[PATCH 6/6] FUSE: implement direct mmap

From: Tejun Heo
Date: Thu Nov 20 2008 - 10:04:45 EST


This patch implements direct mmap. It allows FUSE server to honor
each mmap request with anonymous mapping. FUSE server can make
multiple mmap requests share a single anonymous mapping or separate
mappings as it sees fit.

mmap request is handled in two steps. MMAP first queries the server
whether it wants to share the mapping with an existing one or create a
new one, and if so, with which flags. MMAP_COMMIT notifies the server
the result of mmap and if successful the fd the server can use to
access the mmap region.

Internally, shmem_file is used to back the mmap areas and vma->vm_file
is overridden from the FUSE file to the shmem_file.

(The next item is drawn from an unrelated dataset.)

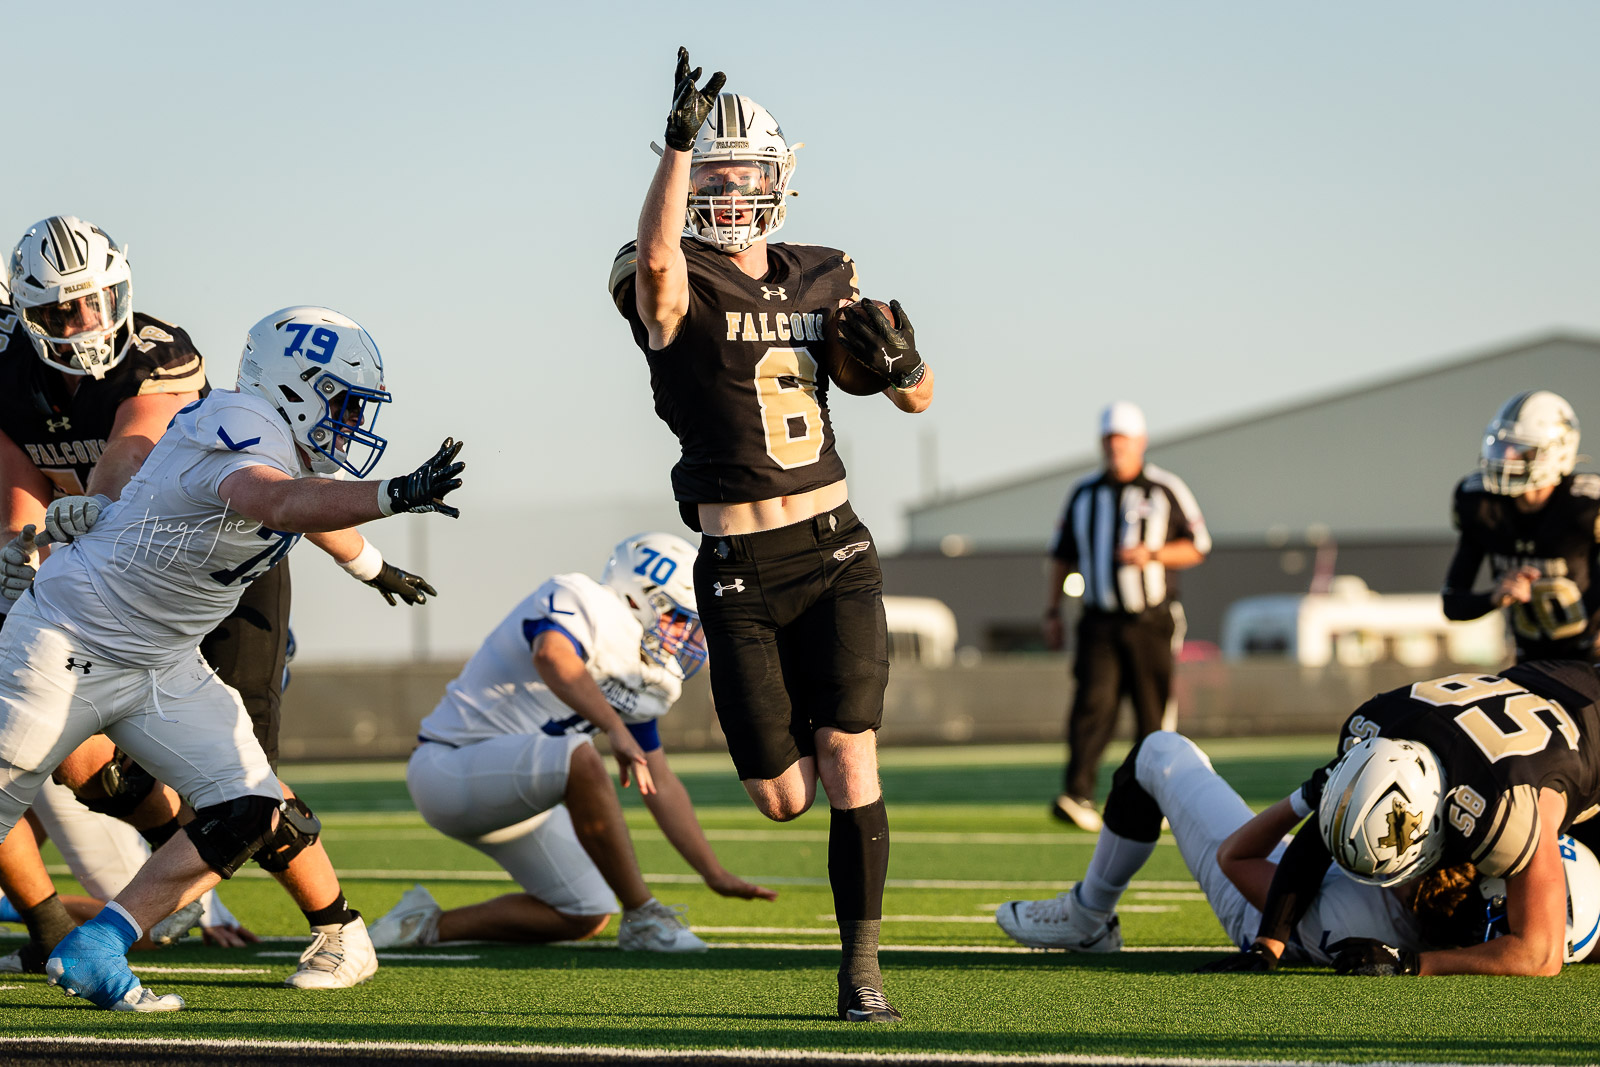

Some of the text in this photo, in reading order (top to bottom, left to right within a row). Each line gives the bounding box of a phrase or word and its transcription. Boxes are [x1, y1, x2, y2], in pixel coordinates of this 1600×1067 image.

For details, please read the comment on top of
fuse_file_direct_mmap().

Signed-off-by: Tejun Heo <tj@xxxxxxxxxx>
---
fs/fuse/cuse.c | 6 +
fs/fuse/file.c | 408 +++++++++++++++++++++++++++++++++++++++++++++++++-
fs/fuse/fuse_i.h | 8 +
include/linux/fuse.h | 47 ++++++
4 files changed, 468 insertions(+), 1 deletions(-)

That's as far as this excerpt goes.